DOI-LINK: 10.1089/adt.2017.833, Alternate LINK

Title: Interference Potential Of Tannins And Chlorophylls In Zebrafish Phenotypic-Based Assays

Subject: Drug Discovery

Journal: ASSAY and Drug Development Technologies

Publisher: Mary Ann Liebert Inc

Authors: Norazwana Samat, Mei Fong Ng, Nur Faizah Ruslan, Kazuhide Shaun Okuda, Pei Jean Tan, Vyomesh Patel

Published: 2018-10-01

Everything You Need To Know

How do tannins and chlorophylls typically interfere with drug discovery assays?

Tannins, known for their protein-binding properties, can disrupt enzymatic assays and radioligand receptor-binding assays. Chlorophylls, due to their strong light absorption, can interfere with colorimetric assays. This interference can lead to inaccurate identification of active compounds in high-throughput screens, resulting in either false positives or false negatives.

How do tannin-enriched fractions (TEF) and chlorophyll-enriched fractions (CEF) specifically affect zebrafish assays, especially concerning known inhibitors like sunitinib malate and γ-secretase inhibitors?

In zebrafish assays, tannin-enriched fractions (TEF) can mask the effects of certain drugs, such as the antiangiogenic effect of sunitinib malate. Chlorophyll-enriched fractions (CEF) can enhance the activity of other drugs, like γ-secretase inhibitors, potentially leading to increased toxicity. The specific impact of tannins and chlorophylls depends on the target and assay in question.

Why are tannins and chlorophylls problematic in natural product research, and what makes their removal from extracts challenging?

Tannins and chlorophylls are commonly found in plant extracts and can interfere with various assays used in drug discovery.
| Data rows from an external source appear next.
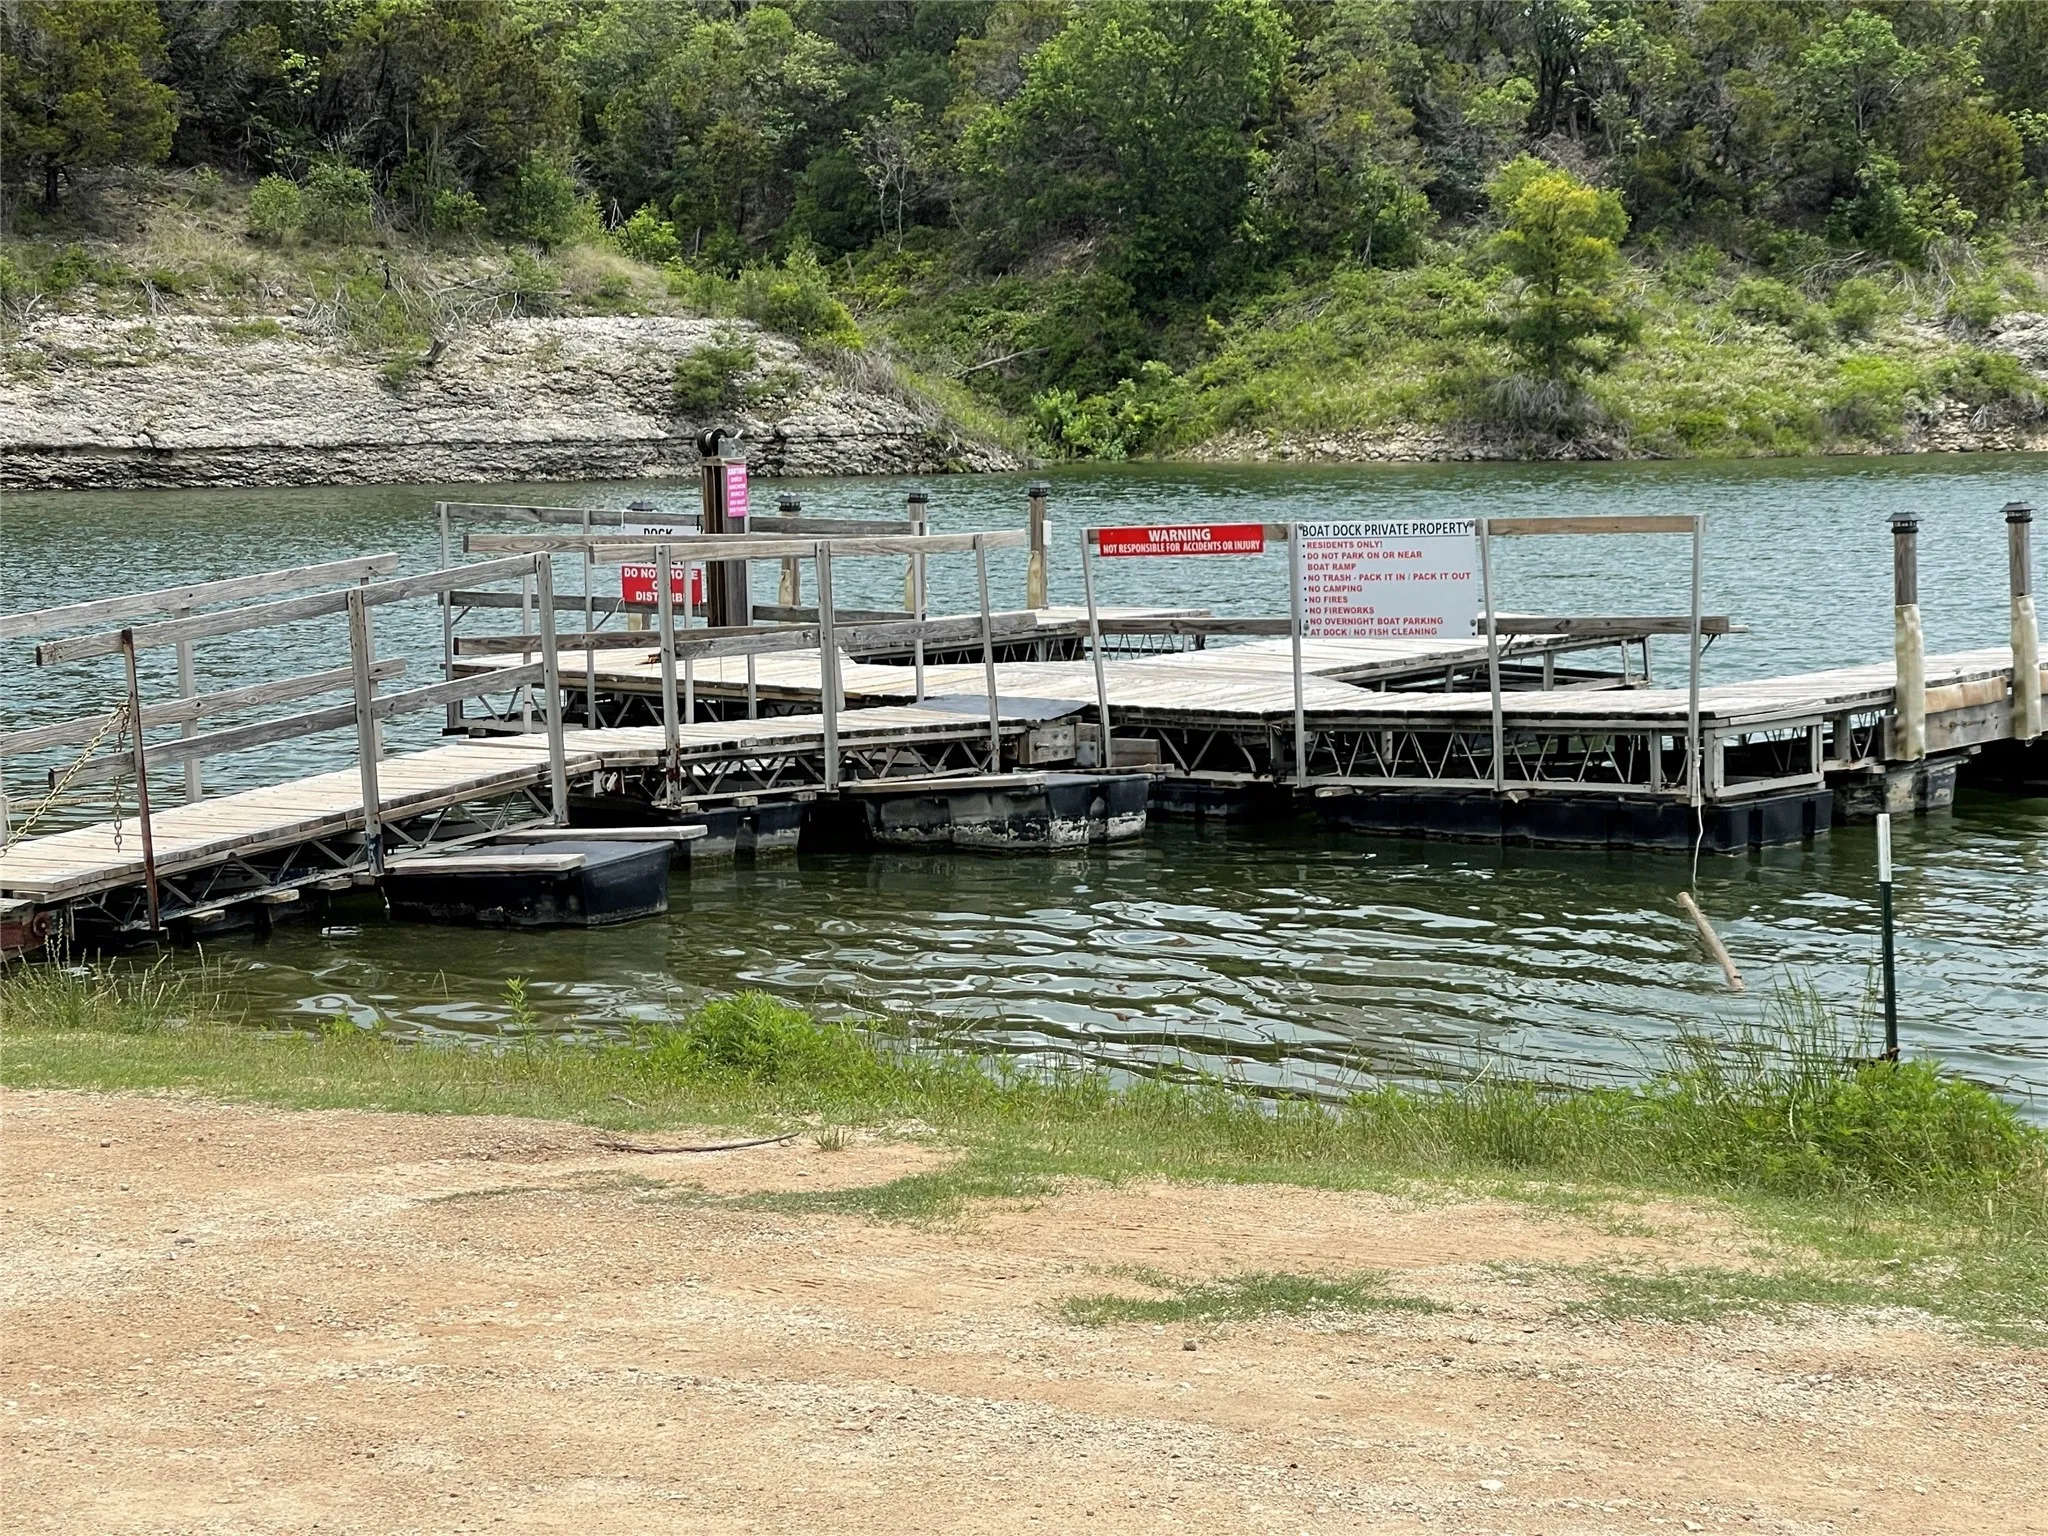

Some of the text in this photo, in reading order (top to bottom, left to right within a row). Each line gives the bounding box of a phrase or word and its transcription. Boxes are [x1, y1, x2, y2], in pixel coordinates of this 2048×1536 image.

[1148, 528, 1211, 542] WARNING
[1302, 522, 1469, 536] BOAT DOCK PRIVATE PROPERTY
[1103, 540, 1260, 554] NOT RESPONSIBLE FOR ACCIDENTS OR INJURY
[624, 568, 698, 580] DO NO OE
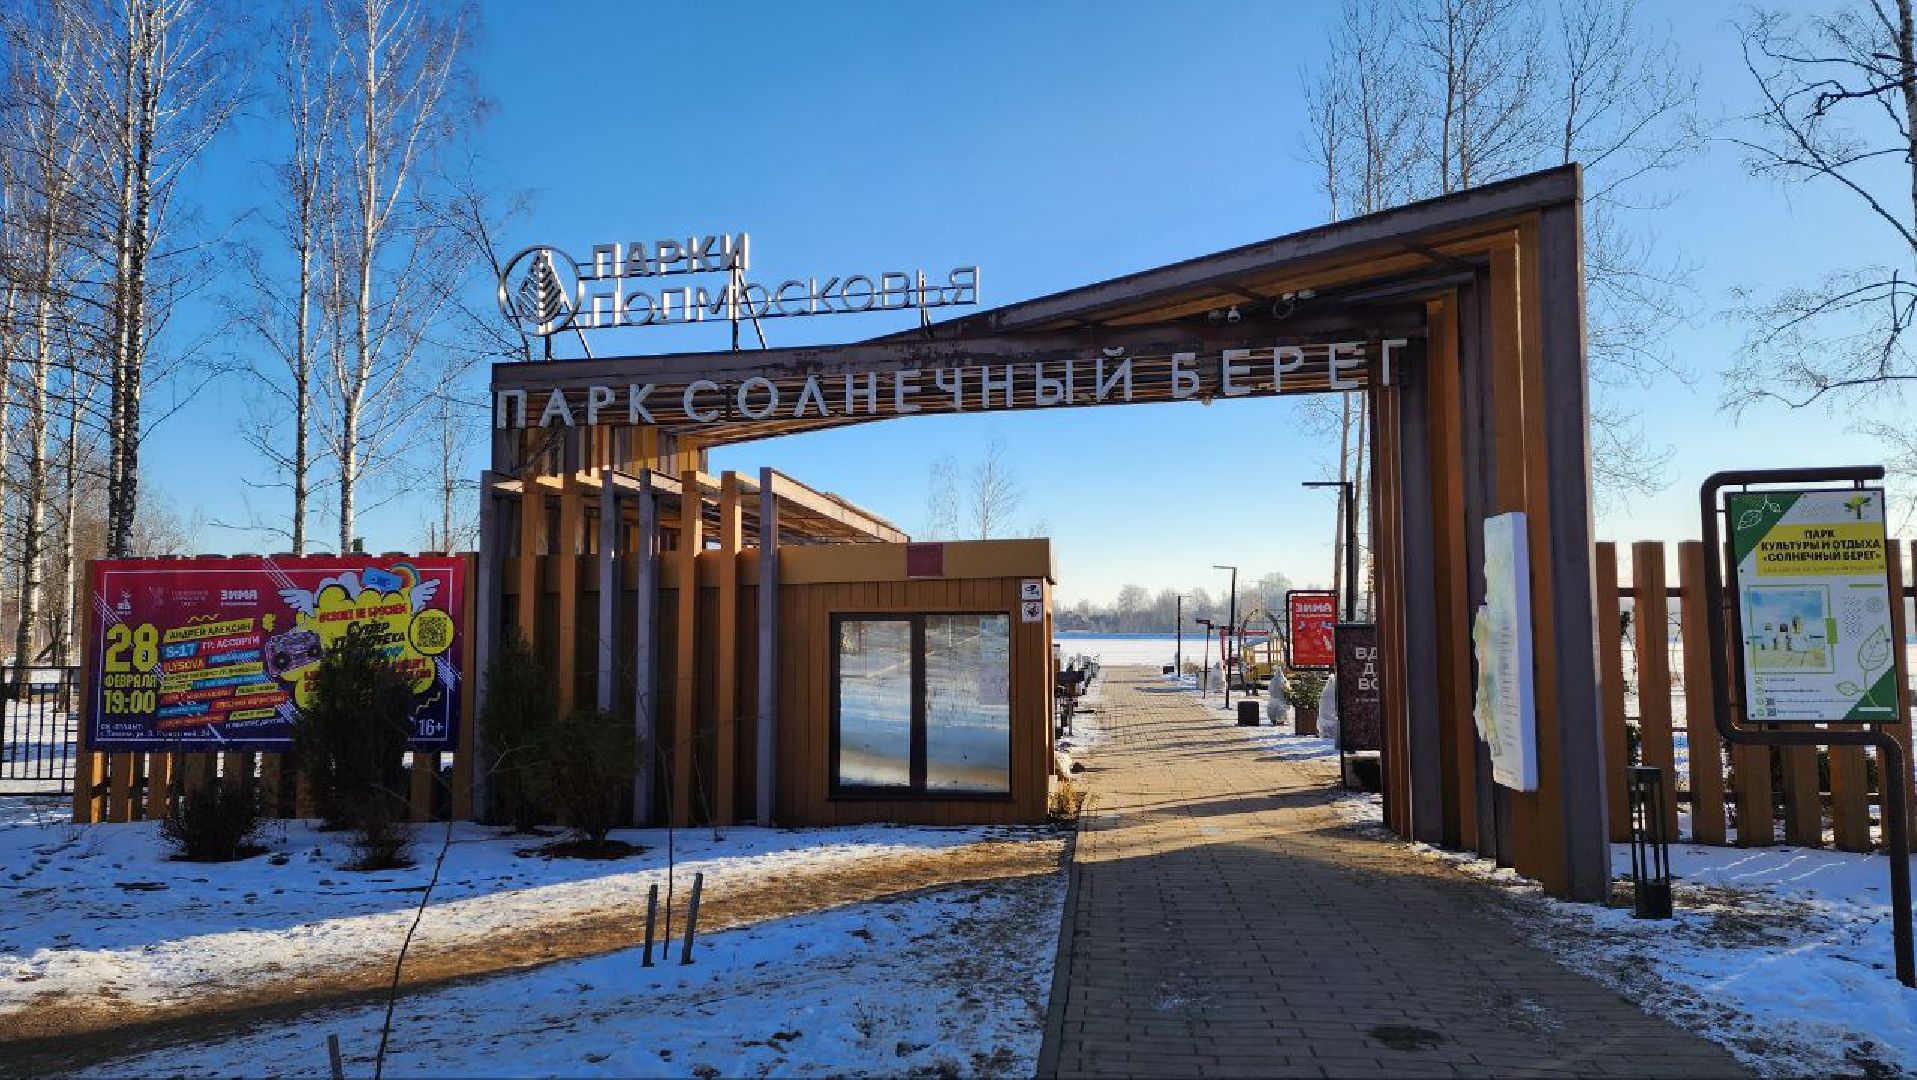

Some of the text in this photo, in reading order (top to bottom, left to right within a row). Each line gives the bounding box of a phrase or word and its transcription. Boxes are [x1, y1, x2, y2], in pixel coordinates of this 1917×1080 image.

[591, 232, 749, 279] ПАРКИ
[586, 265, 980, 327] ПОДМОСКОВЬЯ
[497, 339, 1407, 430] ПАРК СОЛНЕЧНЫЙ БЕРЕГ
[1804, 529, 1835, 539] ПАРК
[1761, 538, 1882, 551] КУЛЬТУРЫ И ОТДЫХА
[1763, 550, 1882, 562] «СОЛНЕЧНЫЙ БЕРЕГ»
[220, 589, 257, 601] ЗИМА
[1296, 603, 1332, 613] ЗИМА
[106, 623, 158, 672] 28
[165, 643, 196, 658] S-17
[105, 674, 157, 688] ФЕВРАЛЯ
[104, 690, 156, 714] 19:00
[418, 719, 443, 737] 16+
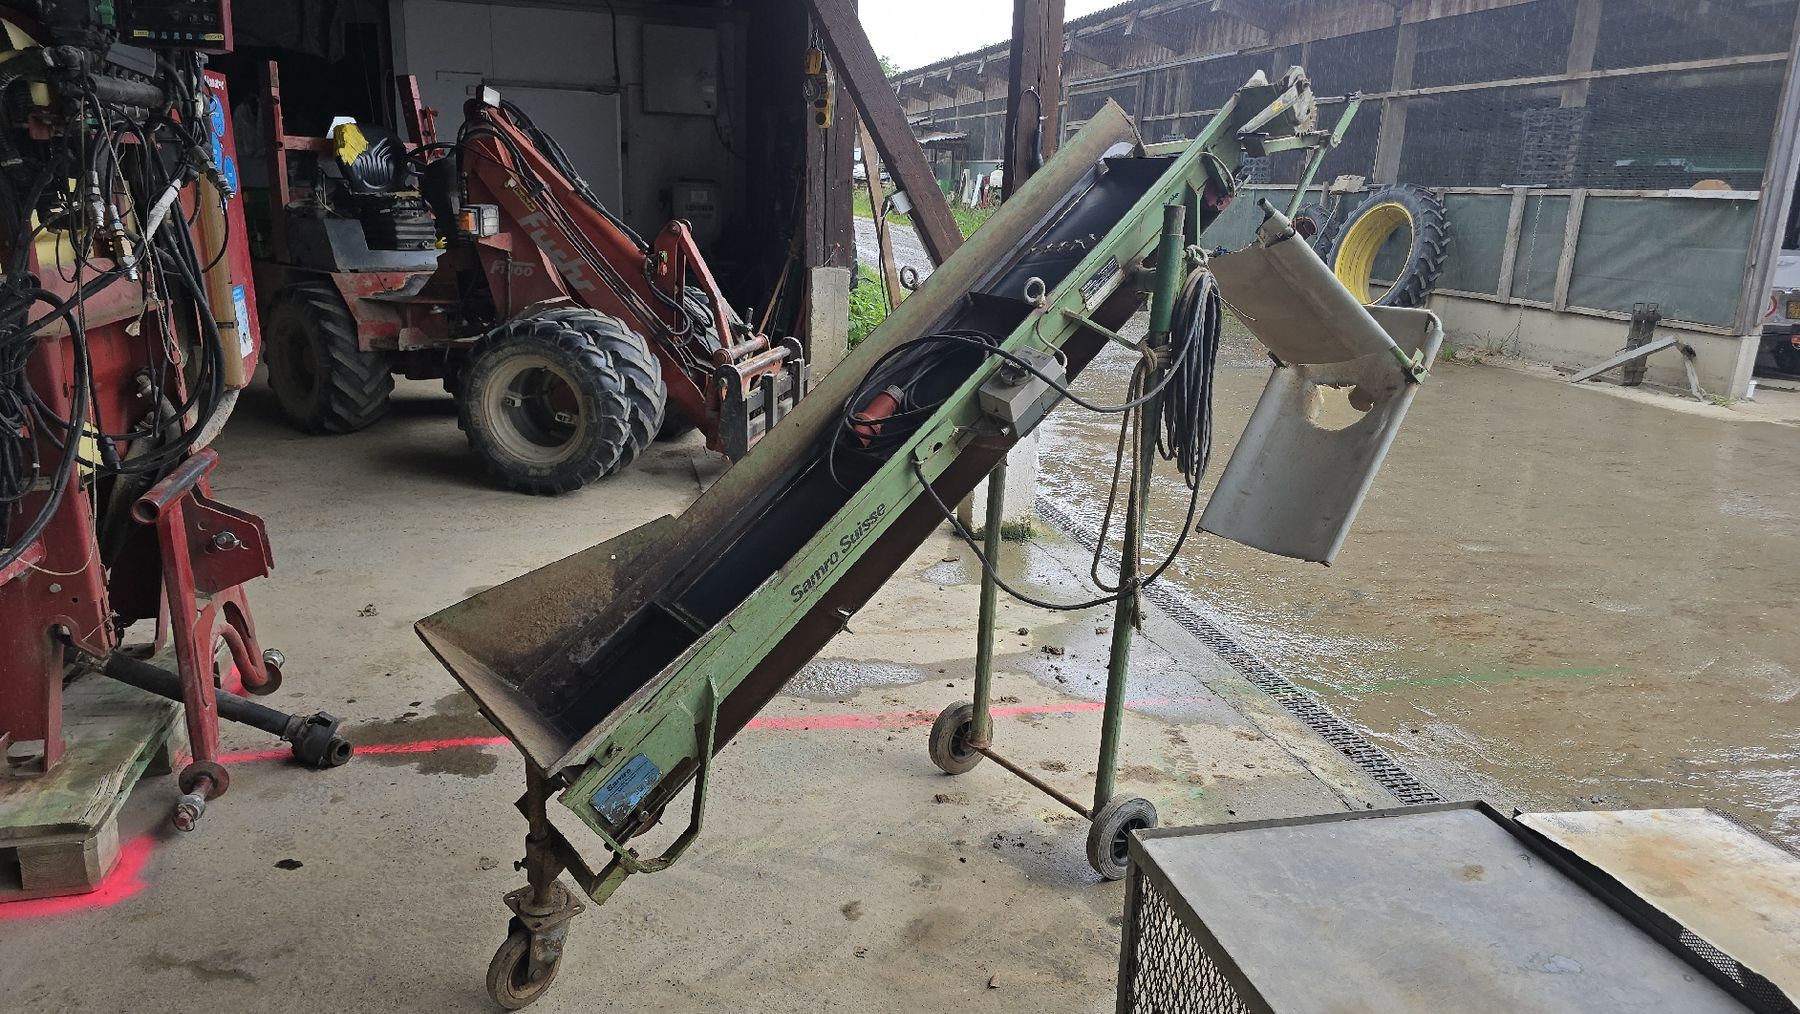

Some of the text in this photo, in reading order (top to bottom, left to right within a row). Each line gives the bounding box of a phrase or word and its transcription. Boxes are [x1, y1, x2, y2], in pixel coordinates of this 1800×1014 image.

[517, 211, 597, 291] Fuchs
[791, 503, 885, 603] Samro Suisse
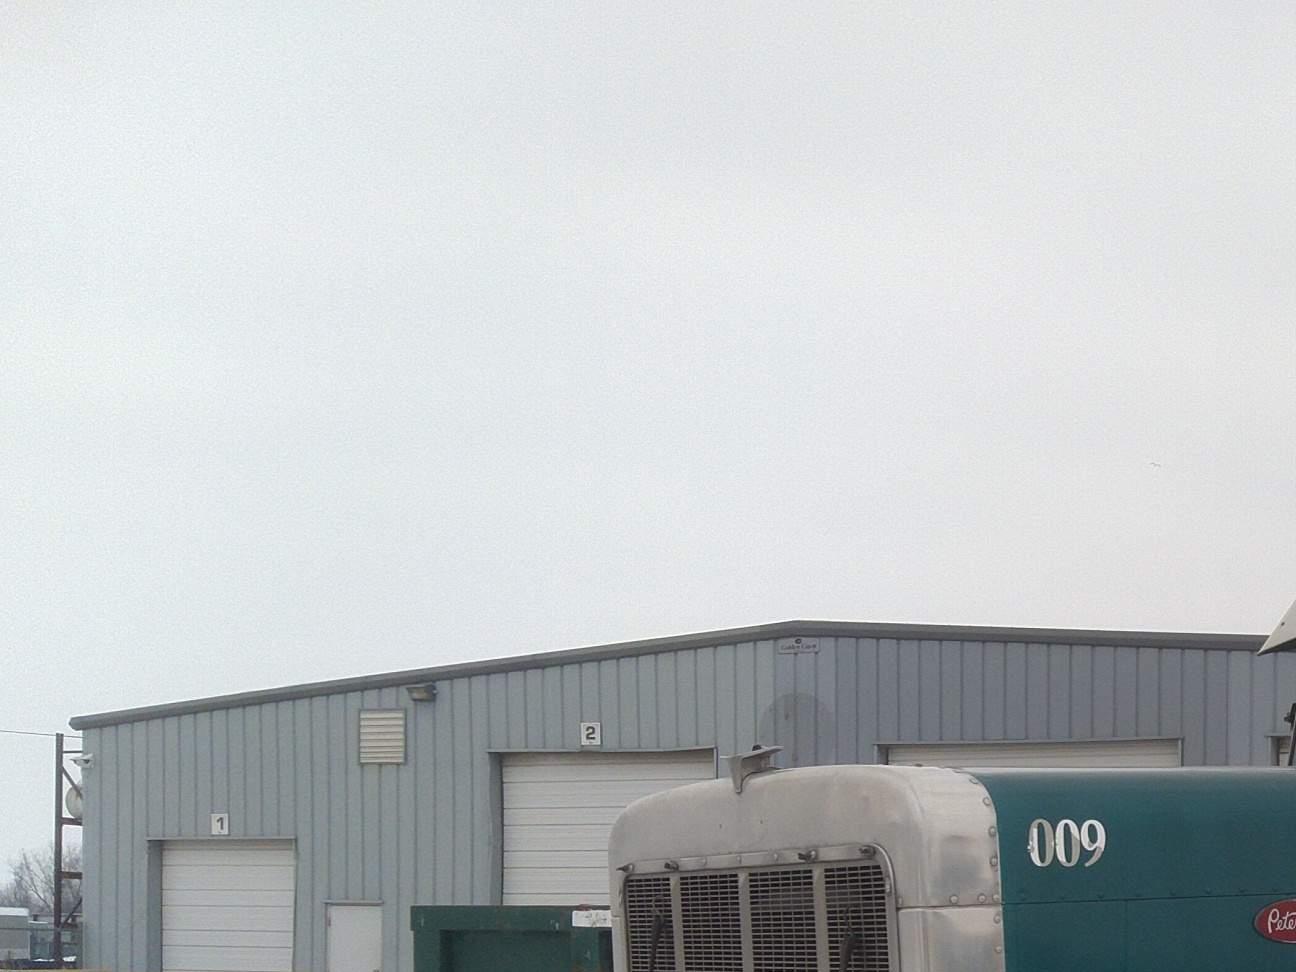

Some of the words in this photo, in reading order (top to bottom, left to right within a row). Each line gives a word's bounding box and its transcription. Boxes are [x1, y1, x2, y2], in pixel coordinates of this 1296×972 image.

[585, 725, 596, 740] 2
[216, 816, 224, 831] 1
[1027, 818, 1106, 867] 009
Tannins bind to proteins, disrupting enzyme and receptor assays. Chlorophylls absorb light strongly, which can disrupt colorimetric measurements. Removing them can be challenging because the removal processes are time-consuming and may remove bioactive compounds of interest.

What experimental approach was used to investigate the interference of tannins and chlorophylls in zebrafish phenotypic assays?

The study by Samat et al. used tannin-enriched fractions (TEF) and chlorophyll-enriched fractions (CEF) isolated from Camellia sinensis (tea leaves) to test their effects on zebrafish embryos. Researchers observed endpoints like body length, trunk curvature, and blood vessel development to see if tannins and chlorophylls altered the effects of known small-molecule inhibitors. This approach helped determine the extent to which these compounds can interfere with zebrafish phenotypic assays.

Besides tannins and chlorophylls, what other types of hidden natural compounds might interfere with bioactivity assays, and why?

While the focus is on tannins and chlorophylls, other natural compounds could also interfere with assay results. Compounds with chromophoric properties, like flavonoids or quinones, might affect colorimetric assays. Compounds with detergent-like properties might disrupt cell-based assays. Understanding the chemical properties of the extract and potential interactions with assay components is crucial for reliable results.